Moses Jones lives in a shack on the Ogeechee River. When he goes fishing, he sees faces in the water. He wonders why they haunt him so and when they will pull him under with them.

Normally I don’t care for a female main character, but Robert Whitlow has done an excellent job of not only creating memorable characters but also mystery and suspense. I became so emotionally wrapped up in the story that I wanted to sit down and talk to some of the characters and I cried through the last two chapters. Tammy, though in her second or third year of college, came across as much younger, but I’m sure that is due to her family’s beliefs and convictions and the more I read the more I could relate. While in some ways she comes across as shy and timid, at others, especially when her convictions are on the line, she has steadfast confidence. Though I find it hard to believe that a law firm would manage to take on 3 such religious summer clerks, I am not surprised that two rather different Christian men (Zach and Vince) would find her attractive.

Moses and Tammy’s paths cross when Judge Cannon assigns each summer clerk with a misdemeanor case. Moses Jones is accused of twenty-four counts of trespassing. As she researches the charges, she discovers connections between Moses Jones and one of the partners of the law firm, Joe Carpenter and an unsolved missing child case. Zach Mays, her supervising lawyer, cautions against digging any deeper than the relevant charges. Vince Colbert, a fellow summer clerk, passes along any info he stumbles across, including warning her that he has overheard the partners talking about her and her case. Tammy believes that God put her in that law firm with that case to uncover the unresolved death of a little girl from years ago and to tie up the loose ends, even if it means the end of her career and possibly her life.

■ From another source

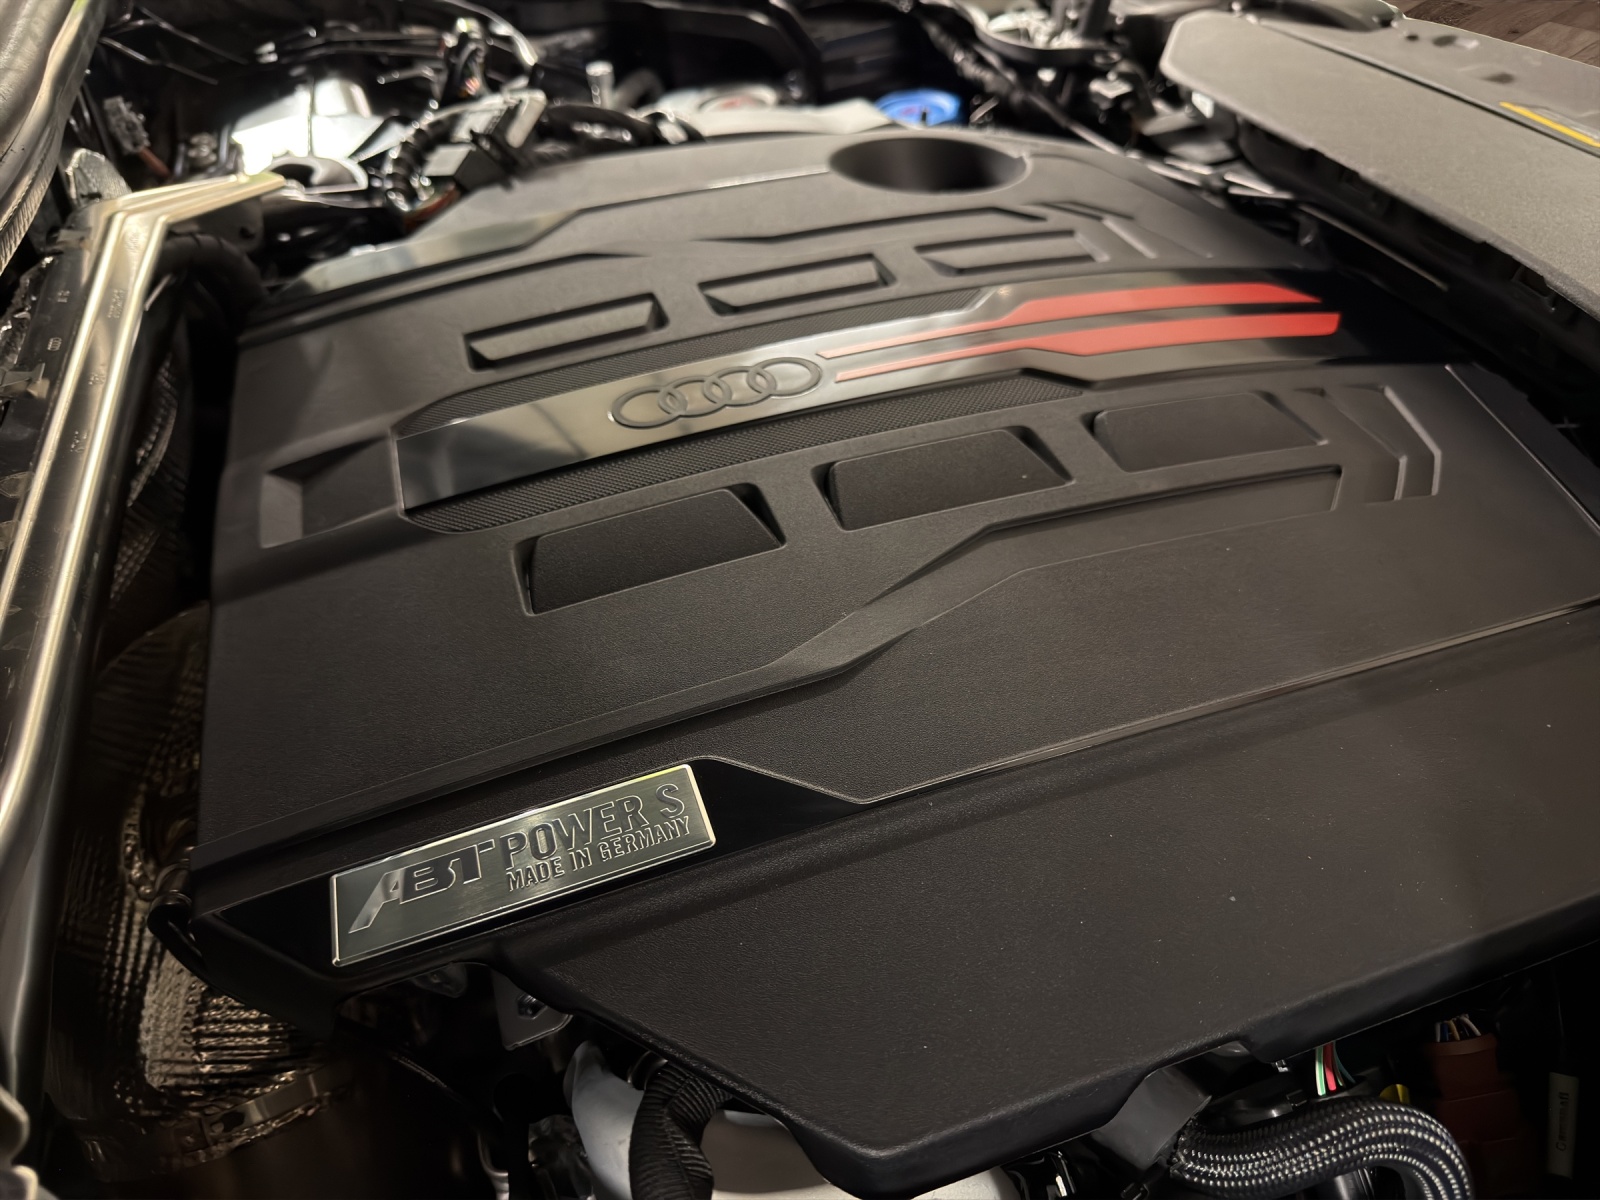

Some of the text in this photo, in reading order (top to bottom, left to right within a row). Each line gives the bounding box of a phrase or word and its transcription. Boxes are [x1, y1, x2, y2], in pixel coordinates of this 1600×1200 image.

[348, 783, 686, 934] ABT POWER S
[506, 815, 692, 892] MADE IN GERMANY
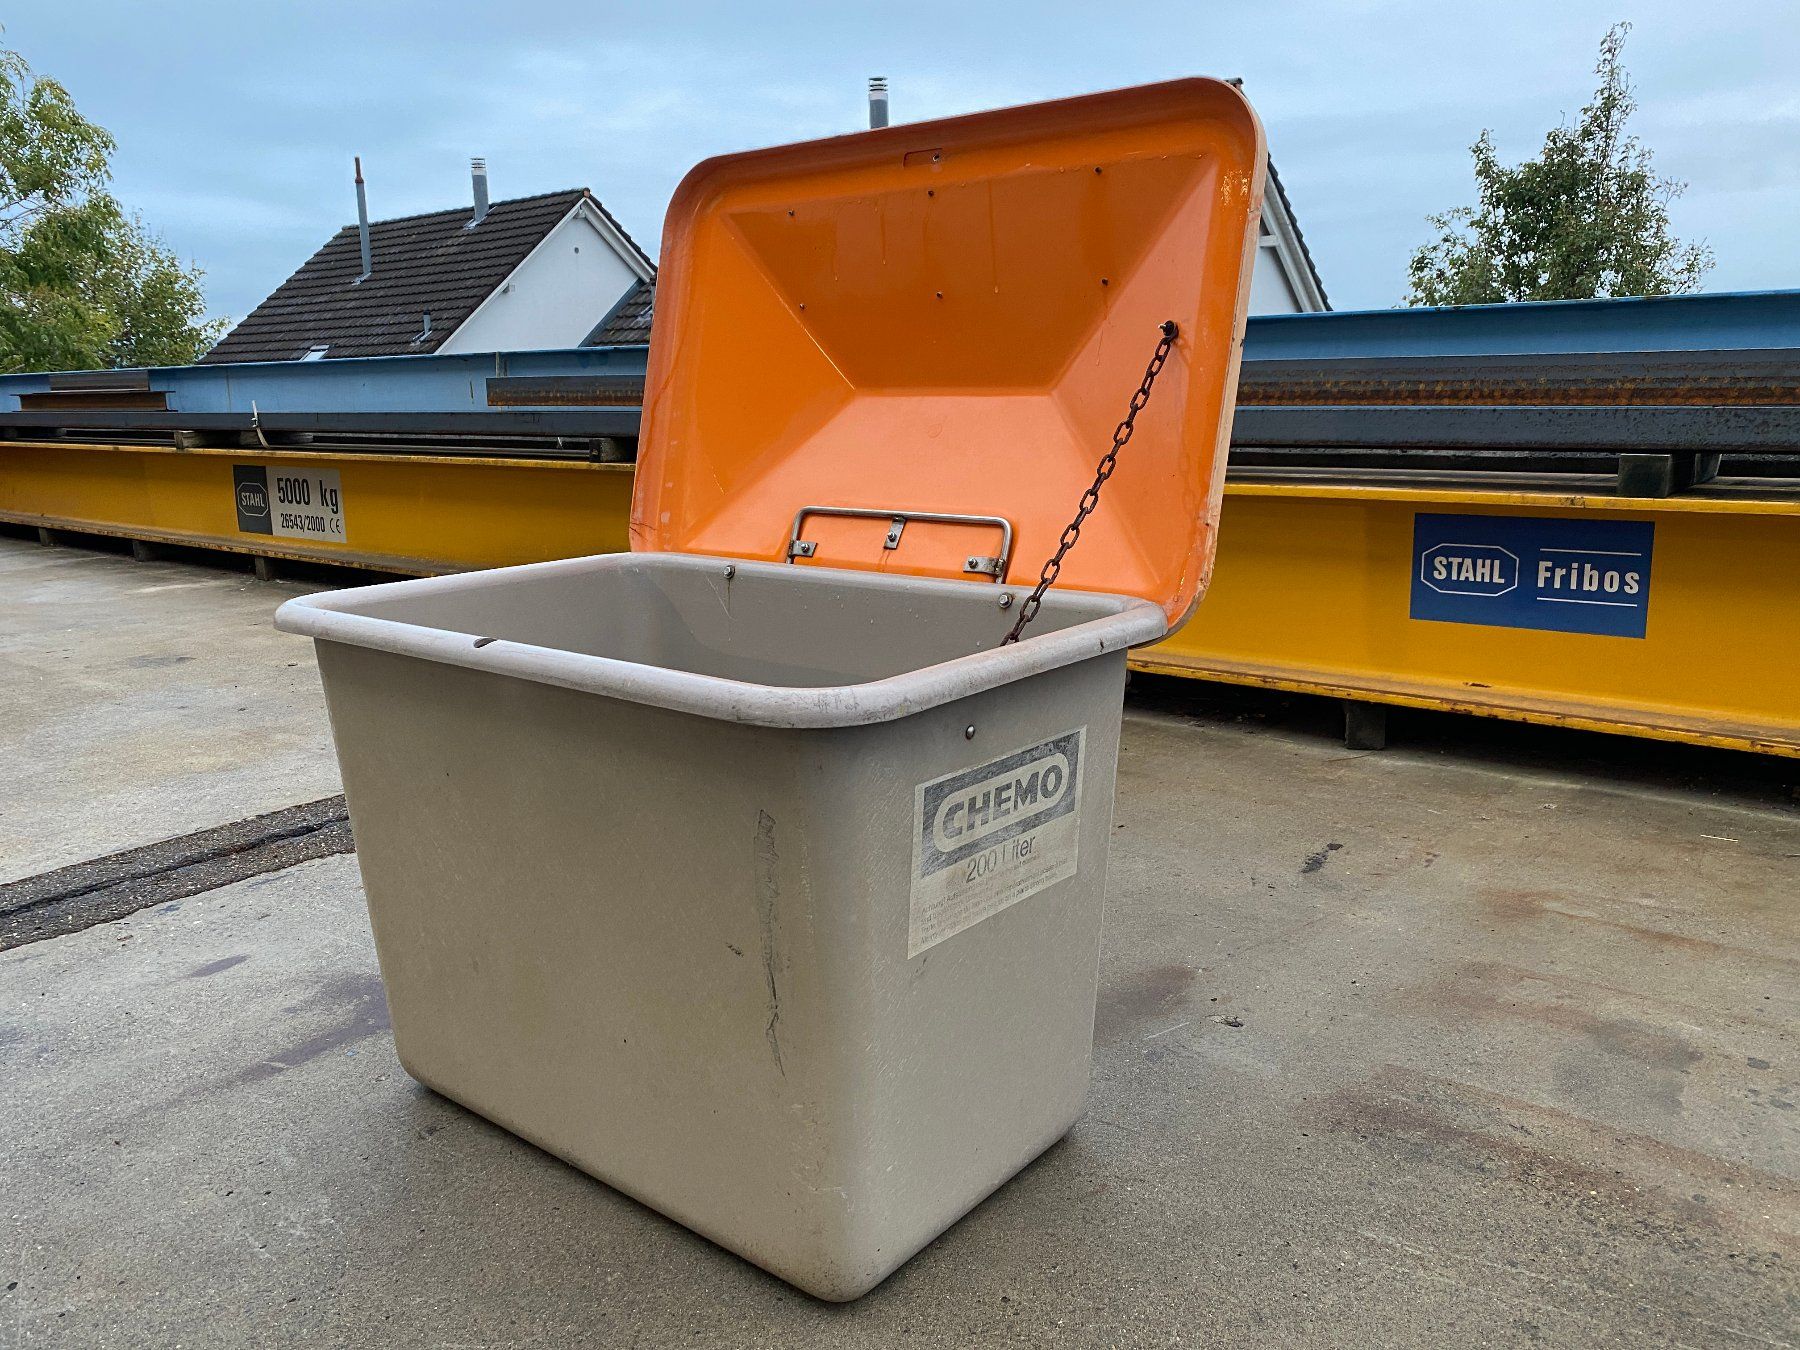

This is one of the few Christian fiction books I have read that was not overly preachy except what fit each of the characters. While the main character is a young woman and two men are attracted to her, romance is kept as a shadow in the background. Whitlow’s knack for mystery and suspense are fantastic—one of the best Christian mystery/suspense I have ever read. I will definitely be reading the next one in this series and will look for more books by Robert Whitlow.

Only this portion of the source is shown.